Drum roll please – this is no average blog!
Mark.Freed / 02 Mar 2018
As April looms, more and more financial institutions are reporting their Gender Pay Gap statistics. Mark Freed helps you make sense of the data and know what to look out for.
Gender Pay Gap reporting – the E2W approach
As financial institutions are starting to report their gender pay gaps in increasing numbers, E2W has needed to consider what to make of, and how to report, on the numbers.
Gender Pay Gap reporting requirements*
Organisations are required to report on the mean and median difference between men and women’s ordinary pay & bonus pay. Additionally, they are required to report gender split by percentage of men and women in each pay quartile. Statistics being what they are means that quite often there will be a large difference between the mean and the median ordinary pay percentages and bonus pay which makes reporting and understanding these quite difficult.
So what numbers should we at E2W focus on?
At E2W, we have decided to focus our analysis and reporting on the percentage of women in the top pay quartile in financial institutions. i.e. the percentage of women in the top 25% of highest earners (ordinary pay) in each firm. This is in line with the profile of E2W membership and is therefore the most relevant.
Analysing those institutions that have reported as of 26th February 2018, indicates that across the industry, on average, firms have 29% of women in the top quartile of earners.
There are of course major differences by sector within financial services, which as at the 26th February 2018, looked like this. Some sectors have not had any firms report to date such as foreign/overseas banks & asset servicing companies.
Average % of women in the top quartile of earners
- Investment Banking - 19%
- Retail Banking - 36%
- Service Companies - 33%
- Investment/asset Managers - 33%
- Private Banking - 25%
- Insurance Companies - 34%
Let’s be positive - E2W’s approach to results
At E2W, we are positive that progress in gender diversity can, and will, be achieved; with that in mind, we are eager to identify and praise the successes within gender pay gap reporting in the financial services’ industry - after all, it is these institutions that are probably putting significant effort into being great (or better) places for women to work.
So here are our highlights for this week.
Barclays International (Investment Bank) – for being the first investment bank to publish their figures. They have been described as shocking by some, as only 19% of its top earners are women, but I expect we have far worse to come from competitors.
Unum Insurance was one of the initial signatories to the Women in Finance Charter and is currently leading the way in the insurance sector with 36% of their top earners being women.
Barclays (Retail) and TSB are leading the way in reporting their statistics in the retail sector. They have reported 45% and 48%, respectively, of their top earners being women.
* All organisations that employ more than 250 people in the UK are now required by law to report their gender pay gap statistics to the government before the 31 March 2018 for public sector organisations and 5 April for businesses and charities.
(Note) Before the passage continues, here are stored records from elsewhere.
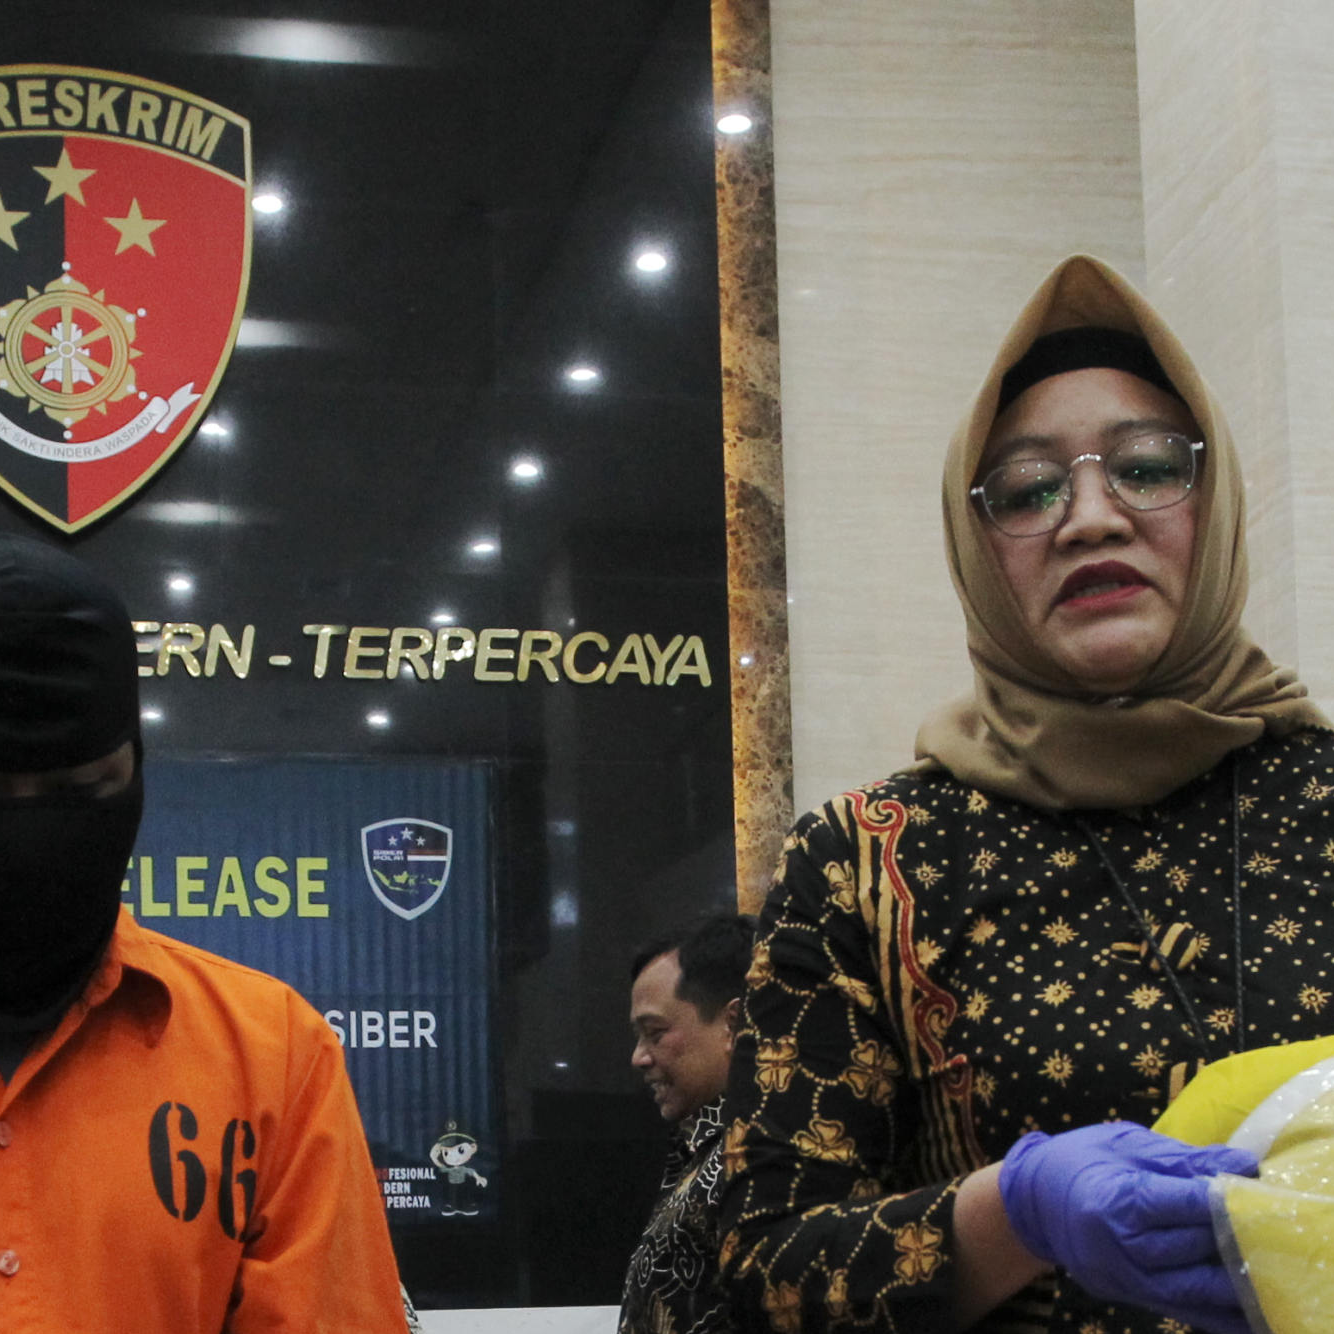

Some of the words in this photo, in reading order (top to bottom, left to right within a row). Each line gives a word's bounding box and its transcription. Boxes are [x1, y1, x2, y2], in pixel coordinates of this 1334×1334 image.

[53, 445, 102, 459] INDERA
[105, 411, 158, 451] WASPADA
[303, 624, 713, 687] TERPERCAYA
[324, 1009, 439, 1049] SIBER
[148, 1100, 269, 1250] 66
More details can be found on the gov.uk website
The gender pay gap is the difference between the average/mean earnings of men and women working for the organisation, expressed relative to men’s earnings. For example, ‘on average, women earn 15% less than men per hour’. It should not be confused with equal pay.
Most financial institutions that have reported are explaining the gap as a consequence of there being more men in senior and higher earning positions than women i.e. there are more men in the top quartile of earners than women in the institution.
Mark Freed is CEO of E2W, the company that he set up with Tina twenty years ago to address the issue of gender diversity. He is passionate about gender parity and encourages more men to join the campaign.